─── EXTRACTED RECORDS
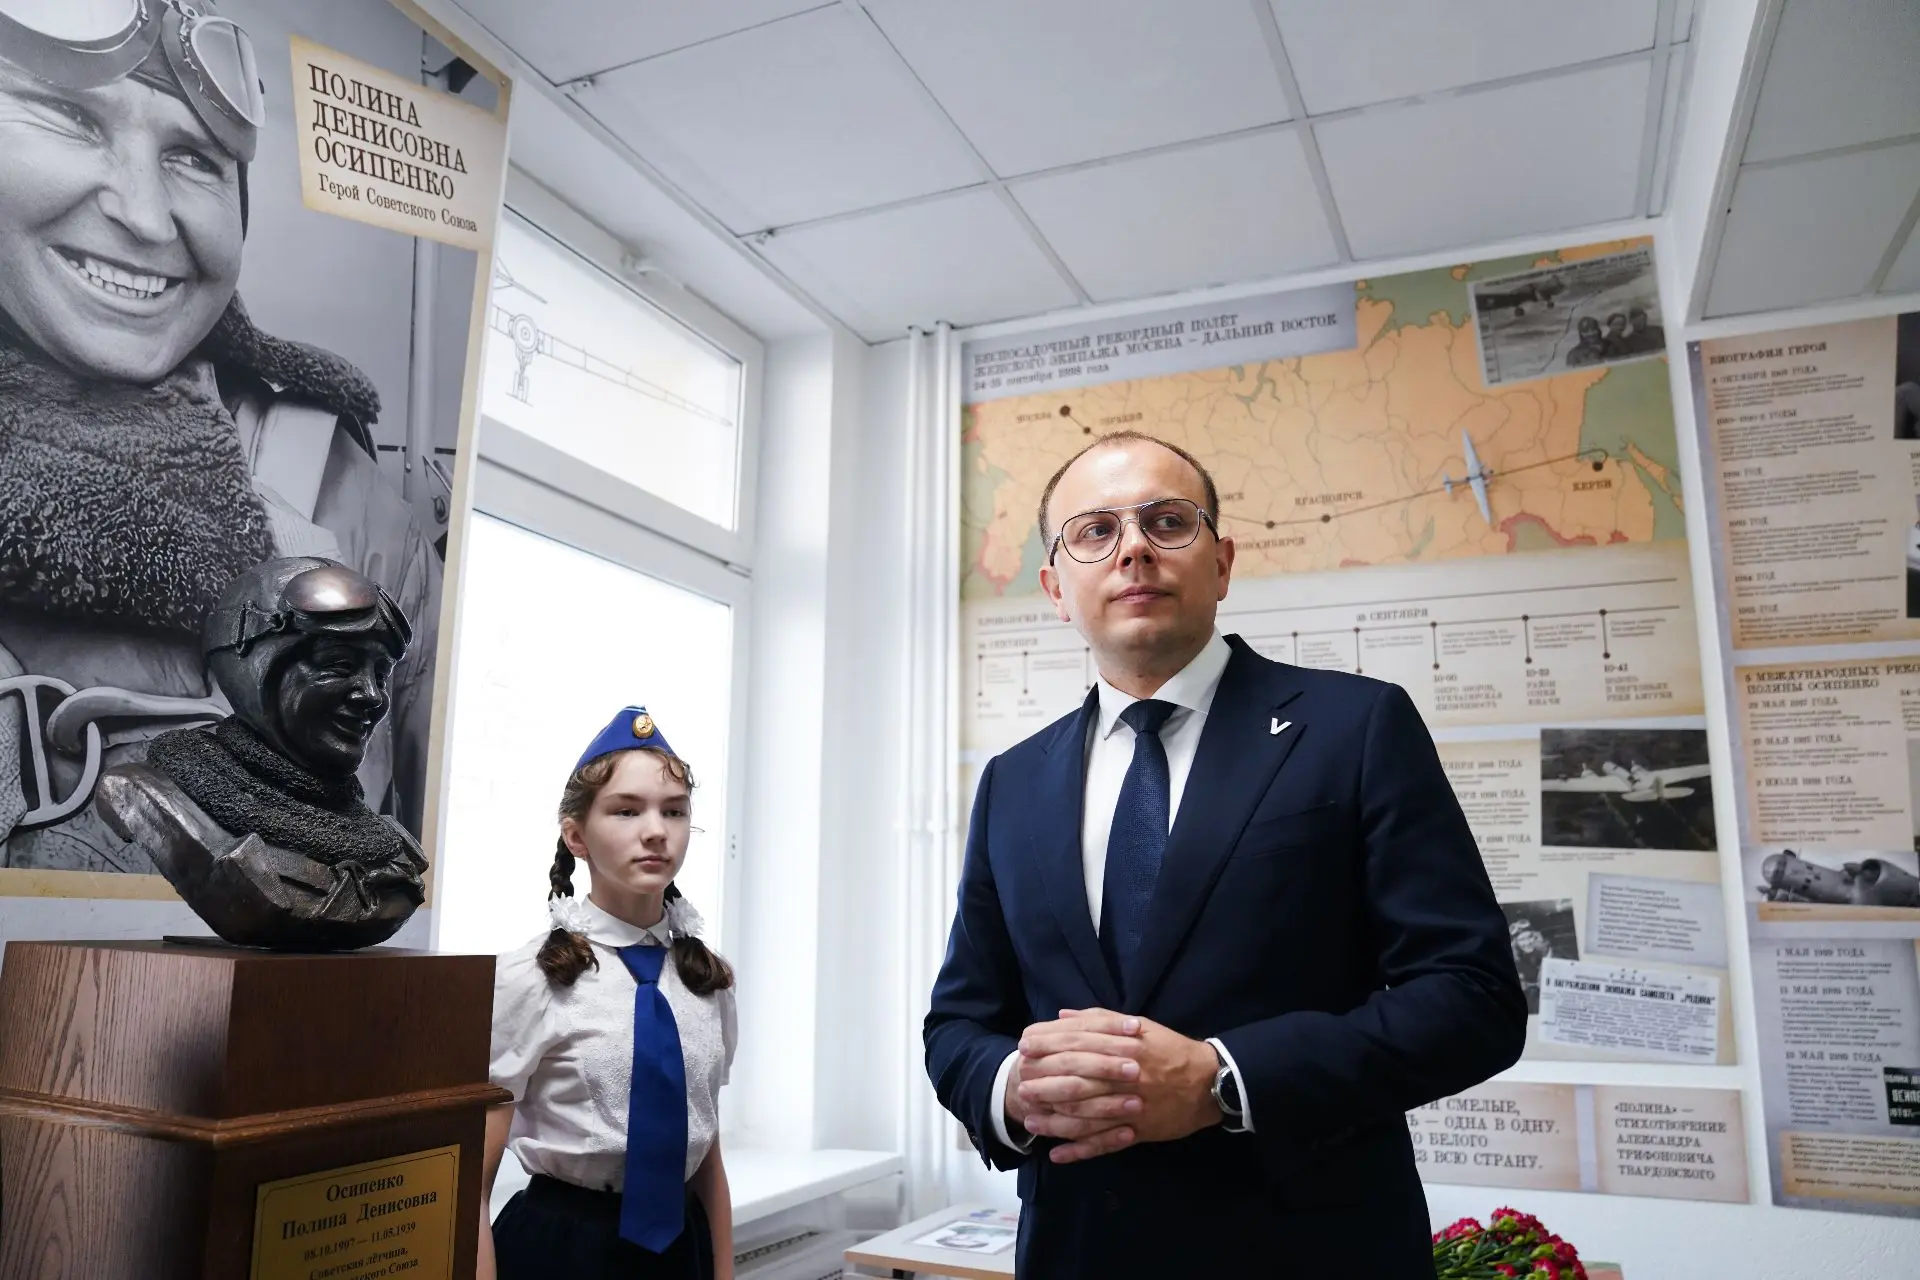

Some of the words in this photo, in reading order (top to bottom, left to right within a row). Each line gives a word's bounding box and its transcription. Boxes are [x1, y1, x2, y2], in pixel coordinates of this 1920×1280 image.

[307, 64, 422, 128] ПОЛИНА
[312, 99, 468, 174] ДЕНИСОВНА
[315, 136, 454, 200] ОСИПЕНКО
[318, 173, 360, 201] Герой
[367, 187, 436, 222] Советского
[441, 208, 477, 232] Союза
[1097, 320, 1185, 346] РЕКОРДНЫЙ
[1191, 313, 1239, 332] ПОЛЁТ
[974, 358, 1045, 378] ЖЕНСКОГО
[1048, 346, 1119, 366] ЭКИПАЖА
[1126, 337, 1182, 355] МОСКВА
[1202, 320, 1274, 346] ДАЛЬНИЙ
[1280, 313, 1337, 332] ВОСТОК
[1710, 348, 1783, 365] БИОГРАФИЯ
[1788, 342, 1827, 356] ГЕРОЯ
[1573, 479, 1612, 492] КЕРБИ
[1294, 490, 1362, 506] КРАСНОЯРСК
[1370, 607, 1428, 621] СЕНТЯБРЯ
[1756, 665, 1880, 682] МЕЖДУНАРОДНЫХ
[1747, 681, 1803, 695] ПОЛИНЫ
[1808, 678, 1880, 693] ОСИПЕНКО
[1761, 700, 1786, 709] МАЯ
[1812, 696, 1839, 707] ГОДА
[1815, 733, 1843, 744] ГОДА
[1784, 947, 1810, 957] МАЯ
[1837, 947, 1866, 958] ГОДА
[1793, 985, 1818, 996] МАЯ
[1845, 985, 1876, 997] ГОДА
[1800, 1051, 1825, 1061] МАЯ
[1853, 1051, 1882, 1063] ГОДА
[1446, 1098, 1521, 1116] СМЕЛЫЕ,
[1444, 1116, 1488, 1131] ОДНА
[1495, 1117, 1506, 1131] В
[1511, 1118, 1560, 1135] ОДНУ.
[1615, 1118, 1727, 1134] СТИХОТВОРЕНИЕ
[1430, 1132, 1488, 1148] БЕЛОГО
[1616, 1133, 1702, 1148] АЛЕКСАНДРА
[1434, 1150, 1467, 1165] ВСЮ
[1473, 1152, 1544, 1170] СТРАНУ.
[1617, 1148, 1715, 1165] ТРИФОНОВИЧА
[1618, 1164, 1716, 1181] ТВАРДОВСКОГО
[326, 1174, 404, 1202] Осипенко
[282, 1212, 347, 1240] Полина
[356, 1191, 437, 1224] Денисовна
[371, 1221, 417, 1244] 11.05.1939
[388, 1258, 419, 1274] Союза
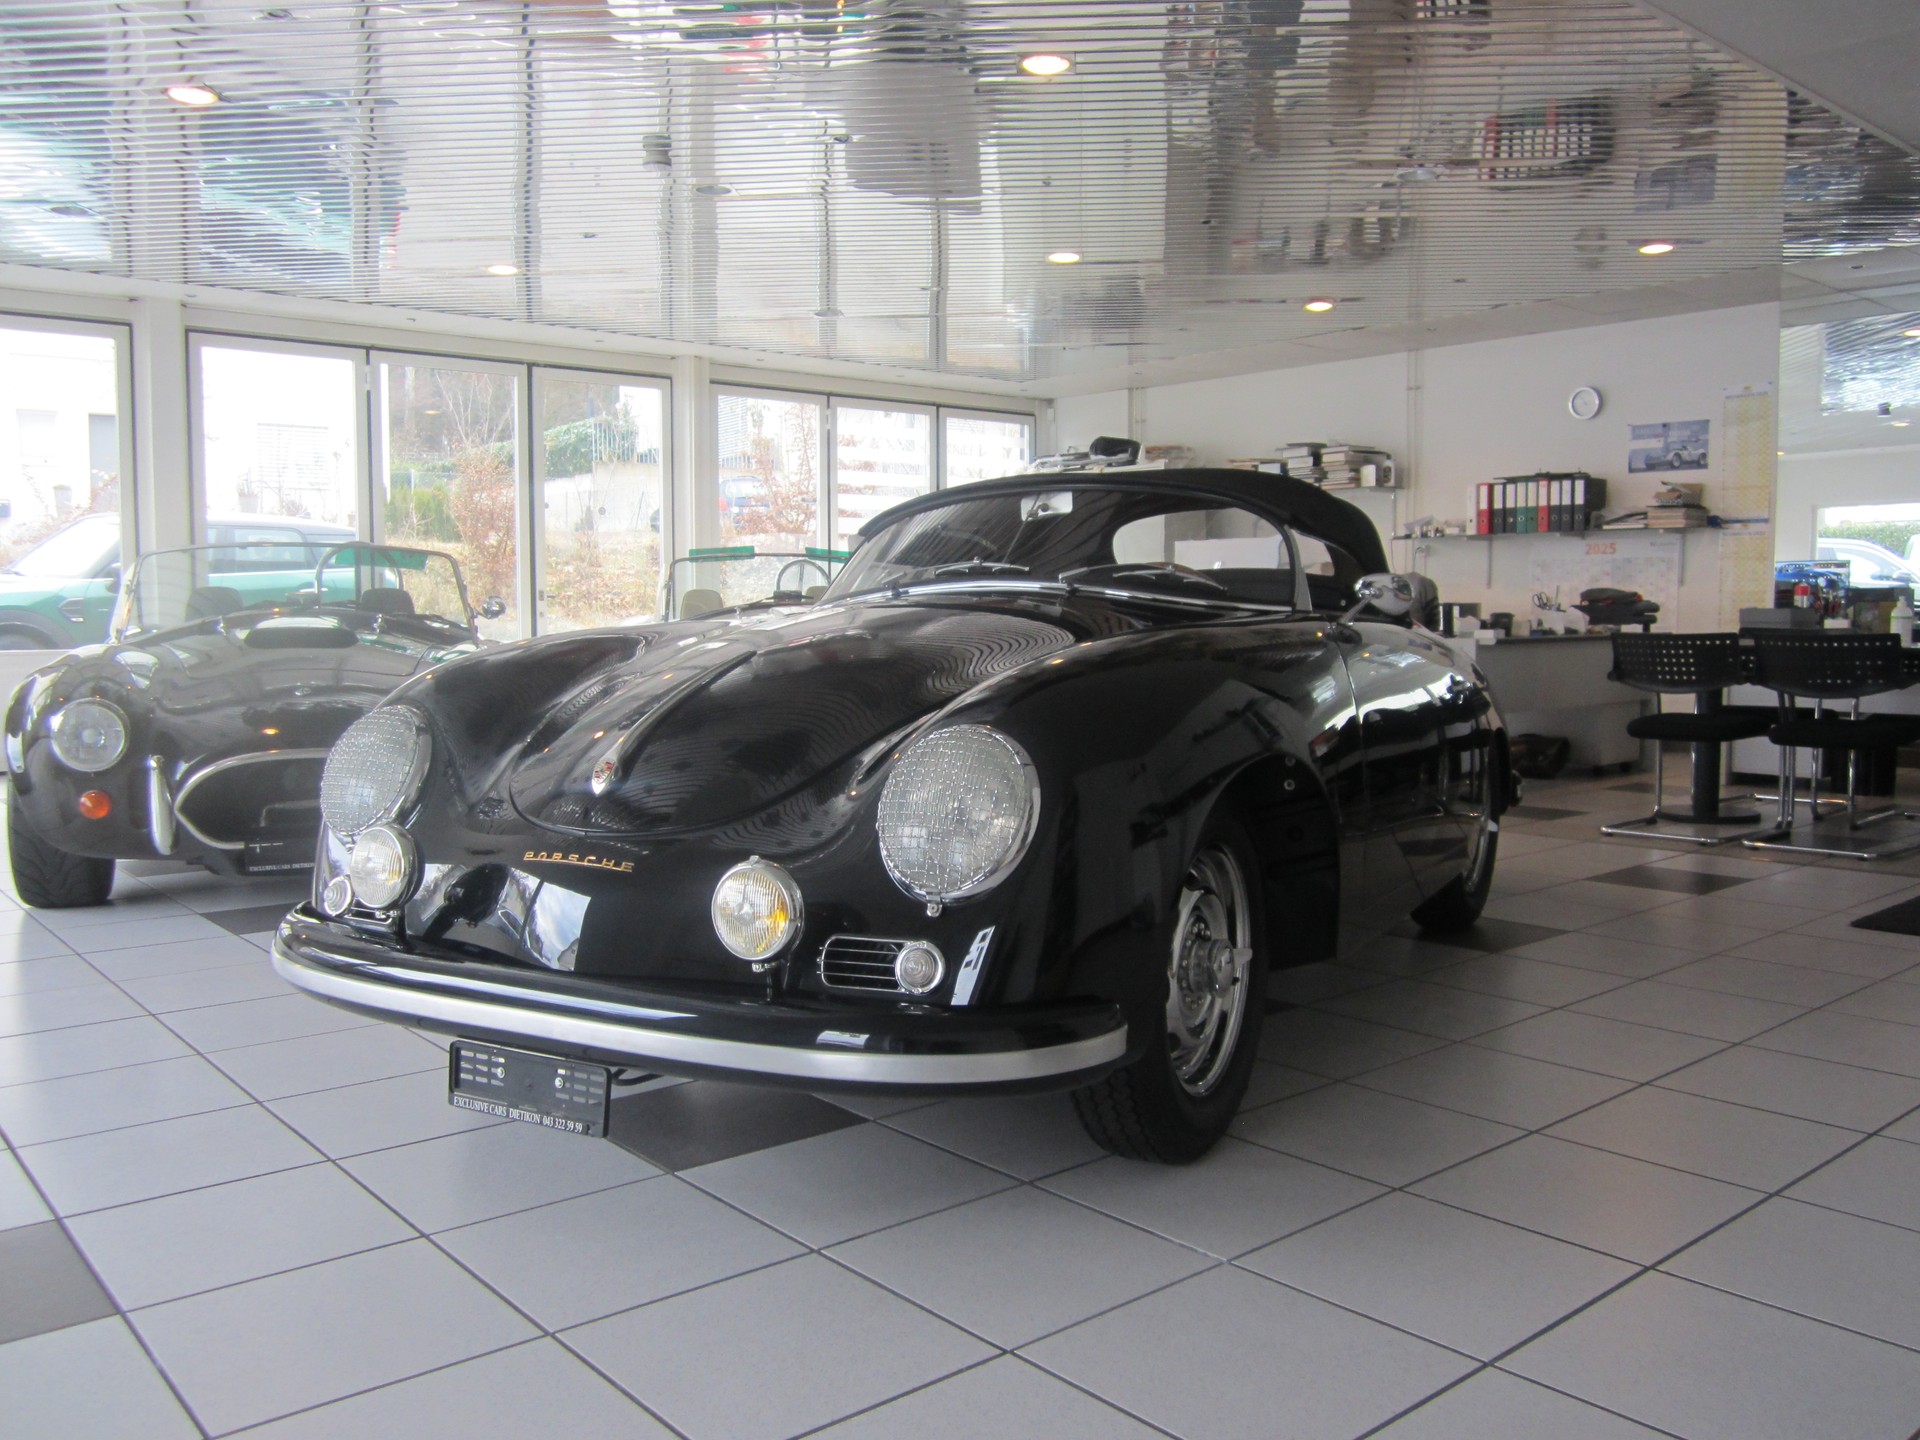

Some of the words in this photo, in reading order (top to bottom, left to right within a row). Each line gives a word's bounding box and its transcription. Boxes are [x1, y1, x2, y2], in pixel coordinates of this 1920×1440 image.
──────
## REQUIRED WORK:
All of the entries above must be reproduced exactly, and no image may be included.

## TASK ANSWER:
Some of the words in this photo, in reading order (top to bottom, left to right within a row). Each line gives a word's bounding box and its transcription. Boxes are [x1, y1, x2, y2], in pixel coordinates of this 1920×1280 image.

[307, 64, 422, 128] ПОЛИНА
[312, 99, 468, 174] ДЕНИСОВНА
[315, 136, 454, 200] ОСИПЕНКО
[318, 173, 360, 201] Герой
[367, 187, 436, 222] Советского
[441, 208, 477, 232] Союза
[1097, 320, 1185, 346] РЕКОРДНЫЙ
[1191, 313, 1239, 332] ПОЛЁТ
[974, 358, 1045, 378] ЖЕНСКОГО
[1048, 346, 1119, 366] ЭКИПАЖА
[1126, 337, 1182, 355] МОСКВА
[1202, 320, 1274, 346] ДАЛЬНИЙ
[1280, 313, 1337, 332] ВОСТОК
[1710, 348, 1783, 365] БИОГРАФИЯ
[1788, 342, 1827, 356] ГЕРОЯ
[1573, 479, 1612, 492] КЕРБИ
[1294, 490, 1362, 506] КРАСНОЯРСК
[1370, 607, 1428, 621] СЕНТЯБРЯ
[1756, 665, 1880, 682] МЕЖДУНАРОДНЫХ
[1747, 681, 1803, 695] ПОЛИНЫ
[1808, 678, 1880, 693] ОСИПЕНКО
[1761, 700, 1786, 709] МАЯ
[1812, 696, 1839, 707] ГОДА
[1815, 733, 1843, 744] ГОДА
[1784, 947, 1810, 957] МАЯ
[1837, 947, 1866, 958] ГОДА
[1793, 985, 1818, 996] МАЯ
[1845, 985, 1876, 997] ГОДА
[1800, 1051, 1825, 1061] МАЯ
[1853, 1051, 1882, 1063] ГОДА
[1446, 1098, 1521, 1116] СМЕЛЫЕ,
[1444, 1116, 1488, 1131] ОДНА
[1495, 1117, 1506, 1131] В
[1511, 1118, 1560, 1135] ОДНУ.
[1615, 1118, 1727, 1134] СТИХОТВОРЕНИЕ
[1430, 1132, 1488, 1148] БЕЛОГО
[1616, 1133, 1702, 1148] АЛЕКСАНДРА
[1434, 1150, 1467, 1165] ВСЮ
[1473, 1152, 1544, 1170] СТРАНУ.
[1617, 1148, 1715, 1165] ТРИФОНОВИЧА
[1618, 1164, 1716, 1181] ТВАРДОВСКОГО
[326, 1174, 404, 1202] Осипенко
[282, 1212, 347, 1240] Полина
[356, 1191, 437, 1224] Денисовна
[371, 1221, 417, 1244] 11.05.1939
[388, 1258, 419, 1274] Союза

Some of the words in this photo, in reading order (top to bottom, left to right within a row). Each line gives a word's bounding box and its transcription. Boxes are [x1, y1, x2, y2], in pixel coordinates of this 1920×1440 image.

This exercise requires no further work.